* [YOUR TASK] Output verbatim the lines beginning at the one that contains "this 2212×1659 image." and ending at the last line of the material, inclusive of both.
::::::::
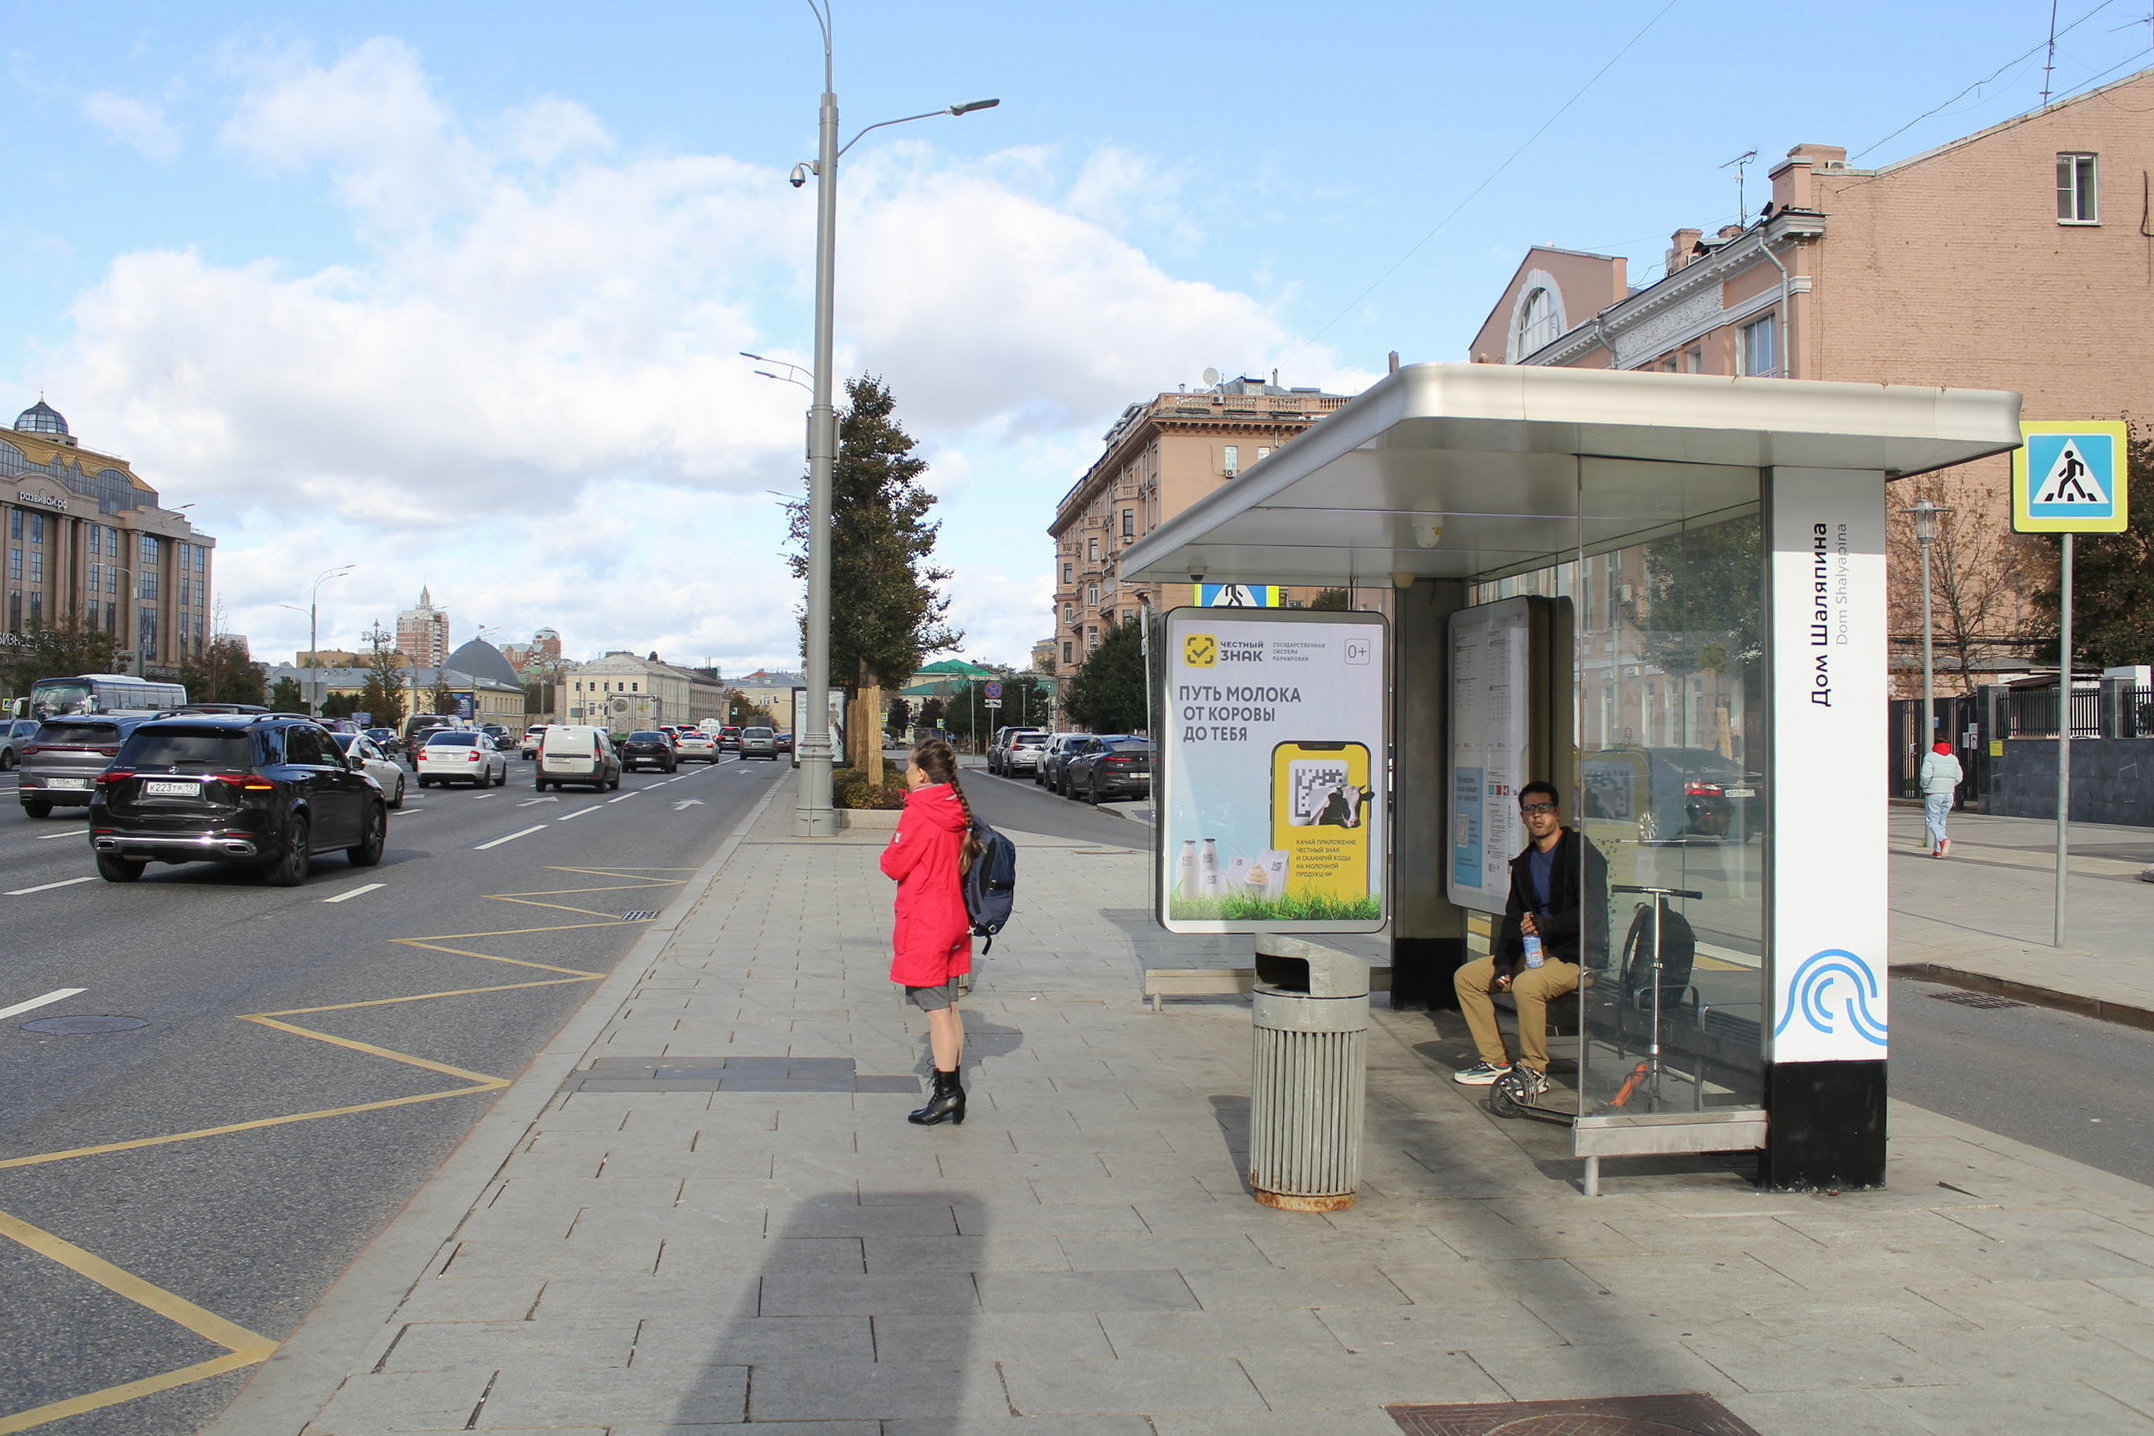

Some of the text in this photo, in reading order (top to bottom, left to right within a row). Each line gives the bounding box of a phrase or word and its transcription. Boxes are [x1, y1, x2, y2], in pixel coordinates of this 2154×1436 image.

[20, 491, 69, 511] развивай.рф
[1834, 523, 1850, 646] Dom Shalyapina
[1811, 522, 1831, 707] Дом Шаляпина
[1220, 640, 1264, 649] ЧЕСТНЫЙ
[1347, 644, 1367, 659] 0+
[1220, 650, 1263, 662] ЗНАК
[1179, 685, 1302, 703] ПУТЬ МОЛОКА
[1183, 706, 1275, 722] ОТ КОРОВЫ
[1183, 726, 1248, 743] ДО ТЕБЯ
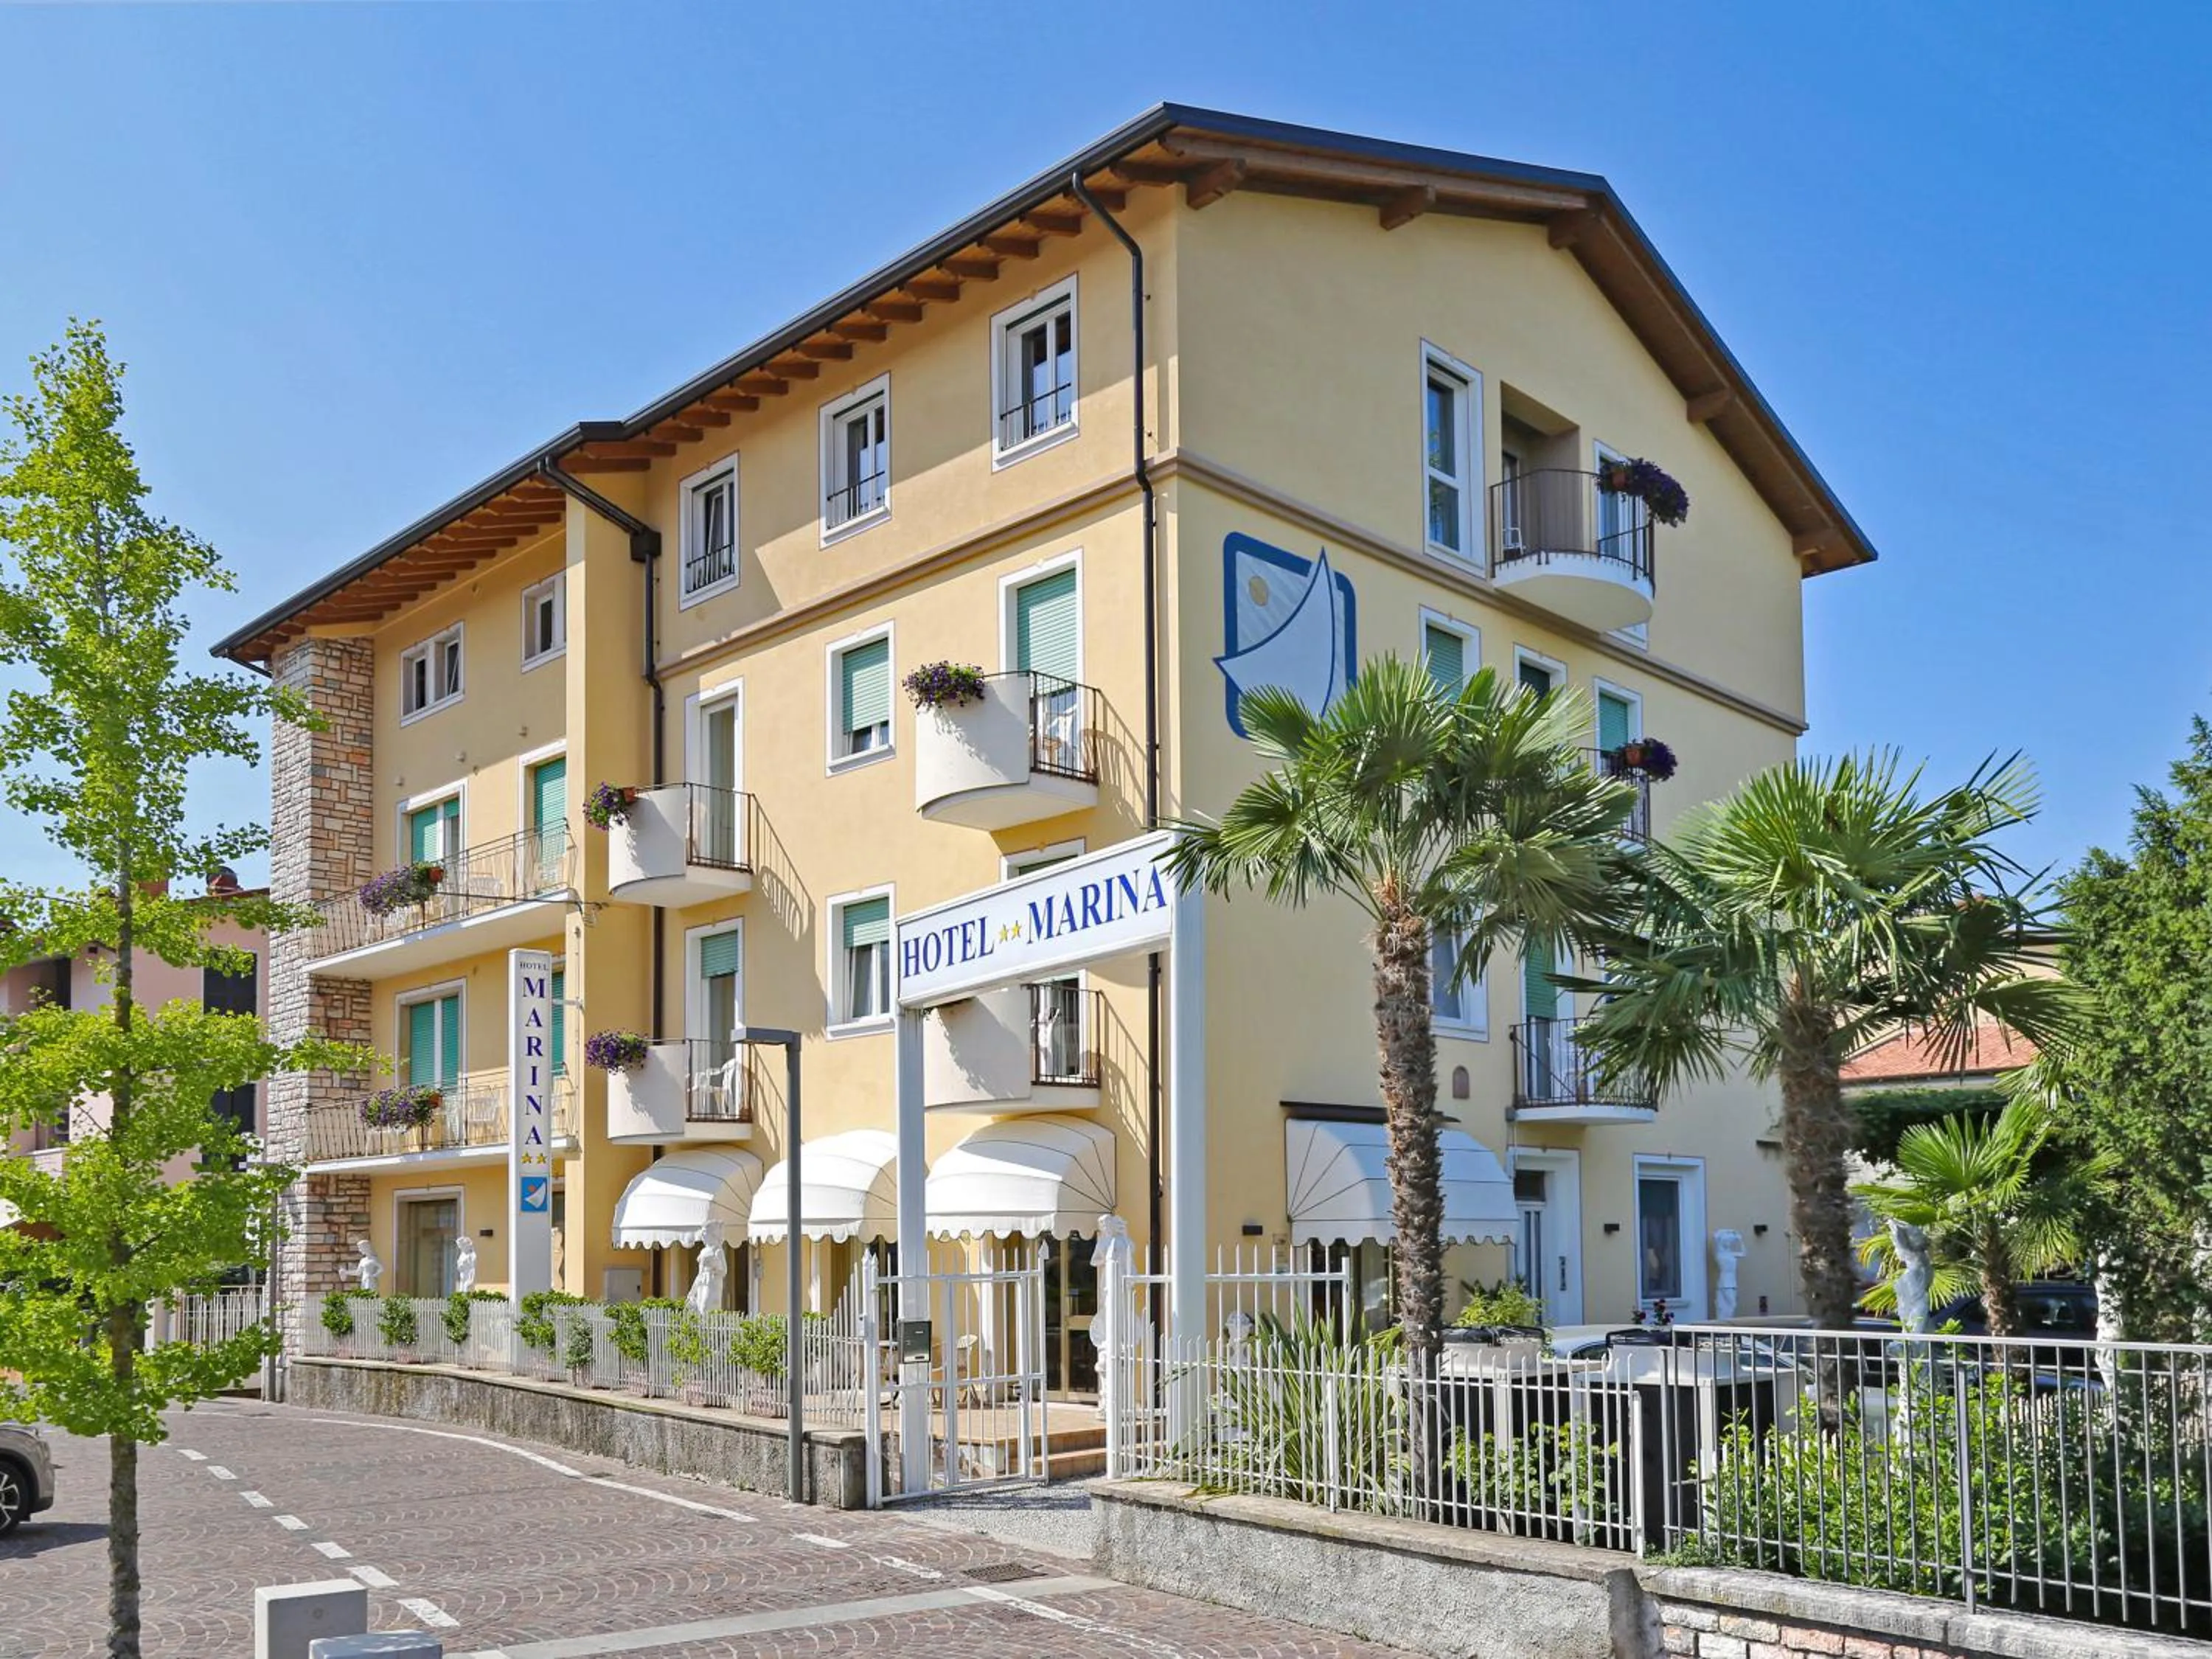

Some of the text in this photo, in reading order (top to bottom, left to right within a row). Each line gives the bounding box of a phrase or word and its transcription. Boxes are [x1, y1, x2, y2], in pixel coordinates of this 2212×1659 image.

[520, 961, 549, 971] HOTEL
[902, 863, 1167, 978] HOTEL MARINA
[523, 977, 545, 1145] MARINA
::::::::
* [EXERCISE ANSWER]
Some of the text in this photo, in reading order (top to bottom, left to right within a row). Each line gives the bounding box of a phrase or word and its transcription. Boxes are [x1, y1, x2, y2], in pixel coordinates of this 2212×1659 image.

[520, 961, 549, 971] HOTEL
[902, 863, 1167, 978] HOTEL MARINA
[523, 977, 545, 1145] MARINA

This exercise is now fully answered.